> _Dataset records_
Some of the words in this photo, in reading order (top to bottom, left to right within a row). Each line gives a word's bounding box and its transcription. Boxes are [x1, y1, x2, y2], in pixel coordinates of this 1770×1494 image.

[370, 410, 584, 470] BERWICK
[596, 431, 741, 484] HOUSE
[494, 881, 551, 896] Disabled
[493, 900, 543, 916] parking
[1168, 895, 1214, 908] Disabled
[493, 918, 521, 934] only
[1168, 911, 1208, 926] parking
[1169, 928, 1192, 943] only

> _To do_
Repeat the full set of records exactly.

> _Response box_
Some of the words in this photo, in reading order (top to bottom, left to right within a row). Each line gives a word's bounding box and its transcription. Boxes are [x1, y1, x2, y2], in pixel coordinates of this 1770×1494 image.

[370, 410, 584, 470] BERWICK
[596, 431, 741, 484] HOUSE
[494, 881, 551, 896] Disabled
[493, 900, 543, 916] parking
[1168, 895, 1214, 908] Disabled
[493, 918, 521, 934] only
[1168, 911, 1208, 926] parking
[1169, 928, 1192, 943] only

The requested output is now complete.